● **YOUR TASK**: Reproduce the data in full, exactly as it appears.

::::::::::

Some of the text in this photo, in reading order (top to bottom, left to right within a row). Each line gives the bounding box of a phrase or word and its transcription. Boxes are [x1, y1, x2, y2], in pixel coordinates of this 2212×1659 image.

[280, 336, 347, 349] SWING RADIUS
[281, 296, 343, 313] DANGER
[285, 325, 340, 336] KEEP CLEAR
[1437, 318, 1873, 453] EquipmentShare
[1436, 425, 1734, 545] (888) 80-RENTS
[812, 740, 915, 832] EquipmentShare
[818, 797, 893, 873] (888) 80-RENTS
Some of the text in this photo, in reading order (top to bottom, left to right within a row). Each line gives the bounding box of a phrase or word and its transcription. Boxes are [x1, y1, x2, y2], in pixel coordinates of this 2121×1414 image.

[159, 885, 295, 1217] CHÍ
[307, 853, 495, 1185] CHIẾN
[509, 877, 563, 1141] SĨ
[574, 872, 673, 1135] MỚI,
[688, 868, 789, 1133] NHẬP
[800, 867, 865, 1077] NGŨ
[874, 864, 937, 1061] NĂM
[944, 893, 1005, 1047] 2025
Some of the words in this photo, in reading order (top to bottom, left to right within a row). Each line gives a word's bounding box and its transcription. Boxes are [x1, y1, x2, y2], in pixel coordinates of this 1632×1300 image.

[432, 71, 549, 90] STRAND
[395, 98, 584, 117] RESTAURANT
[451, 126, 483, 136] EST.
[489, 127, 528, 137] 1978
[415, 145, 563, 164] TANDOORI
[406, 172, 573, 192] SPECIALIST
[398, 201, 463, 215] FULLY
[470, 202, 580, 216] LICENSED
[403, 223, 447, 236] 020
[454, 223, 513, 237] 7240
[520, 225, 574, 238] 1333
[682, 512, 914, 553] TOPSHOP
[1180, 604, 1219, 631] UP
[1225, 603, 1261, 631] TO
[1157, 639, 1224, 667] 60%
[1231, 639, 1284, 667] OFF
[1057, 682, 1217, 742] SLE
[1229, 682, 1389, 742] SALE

::::::::::

● **ANSWER FOR THE TASK**:
Some of the text in this photo, in reading order (top to bottom, left to right within a row). Each line gives the bounding box of a phrase or word and its transcription. Boxes are [x1, y1, x2, y2], in pixel coordinates of this 2212×1659 image.

[280, 336, 347, 349] SWING RADIUS
[281, 296, 343, 313] DANGER
[285, 325, 340, 336] KEEP CLEAR
[1437, 318, 1873, 453] EquipmentShare
[1436, 425, 1734, 545] (888) 80-RENTS
[812, 740, 915, 832] EquipmentShare
[818, 797, 893, 873] (888) 80-RENTS
Some of the text in this photo, in reading order (top to bottom, left to right within a row). Each line gives the bounding box of a phrase or word and its transcription. Boxes are [x1, y1, x2, y2], in pixel coordinates of this 2121×1414 image.

[159, 885, 295, 1217] CHÍ
[307, 853, 495, 1185] CHIẾN
[509, 877, 563, 1141] SĨ
[574, 872, 673, 1135] MỚI,
[688, 868, 789, 1133] NHẬP
[800, 867, 865, 1077] NGŨ
[874, 864, 937, 1061] NĂM
[944, 893, 1005, 1047] 2025
Some of the words in this photo, in reading order (top to bottom, left to right within a row). Each line gives a word's bounding box and its transcription. Boxes are [x1, y1, x2, y2], in pixel coordinates of this 1632×1300 image.

[432, 71, 549, 90] STRAND
[395, 98, 584, 117] RESTAURANT
[451, 126, 483, 136] EST.
[489, 127, 528, 137] 1978
[415, 145, 563, 164] TANDOORI
[406, 172, 573, 192] SPECIALIST
[398, 201, 463, 215] FULLY
[470, 202, 580, 216] LICENSED
[403, 223, 447, 236] 020
[454, 223, 513, 237] 7240
[520, 225, 574, 238] 1333
[682, 512, 914, 553] TOPSHOP
[1180, 604, 1219, 631] UP
[1225, 603, 1261, 631] TO
[1157, 639, 1224, 667] 60%
[1231, 639, 1284, 667] OFF
[1057, 682, 1217, 742] SLE
[1229, 682, 1389, 742] SALE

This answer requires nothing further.